Meiky’s baby was six feet tall, with a sculpted build, sun-frosted hair, a tattoo of a cougar on his shoulder and a very serious face.

“Yes, Jovellanos is a little rough if you’re passing through alone, and you could get lost; there are no signs,” he agreed.

“Can I even get to Playa Girón before dark?” I wanted to know. It was already nearly 3, and the sun goes down here before 7. It had taken me all day to traverse a distance that seemed to me on the map to be equal to what lay ahead.

“Oh yes, you can make it, the youth assured me. “I can go with you and show you the way. It’s no problem.”
“But how will you get back? I’m not coming back this way.

“It’s no problem,” he repeated. “I can always get a ride.”

His father was already helping him lace up his new sneakers for the road ahead. Alberto, who had already given his “poeta, músico y loco” spiel, was busy bonding with Fernando, showing the photo of his grandparents.

“I will stay here in paradise,” he announced. “I will stay with my brother Fernando.”

Well, there was one bit of good news. The family had agreed to keep the old man and take him up to the bus stop.

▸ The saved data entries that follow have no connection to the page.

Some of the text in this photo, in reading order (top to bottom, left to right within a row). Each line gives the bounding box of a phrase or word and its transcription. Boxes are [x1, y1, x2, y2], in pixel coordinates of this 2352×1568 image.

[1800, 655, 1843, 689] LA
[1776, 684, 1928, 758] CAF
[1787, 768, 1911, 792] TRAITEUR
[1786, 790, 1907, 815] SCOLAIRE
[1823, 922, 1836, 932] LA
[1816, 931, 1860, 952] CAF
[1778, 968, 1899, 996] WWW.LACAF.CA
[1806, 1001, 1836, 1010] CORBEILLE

I was trading up.

Apprehension crossed my mind as Eduardo emerged from his room with a new shirt and new, suspiciously low-hanging shorts and suspiciously new shoes. Where did this poor family find the money for new clothes? What if this was a setup? What if he had a gang in Jovellanos? What if they made their money robbing unsuspecting tourists and throwing their bodies into the Bay of Pigs?

I sat quietly and sipped the cup of Cuban coffee Meiky had made for me and watched. Eduardo was taking his mother’s blood pressure, worried about her headache. I wondered about my own.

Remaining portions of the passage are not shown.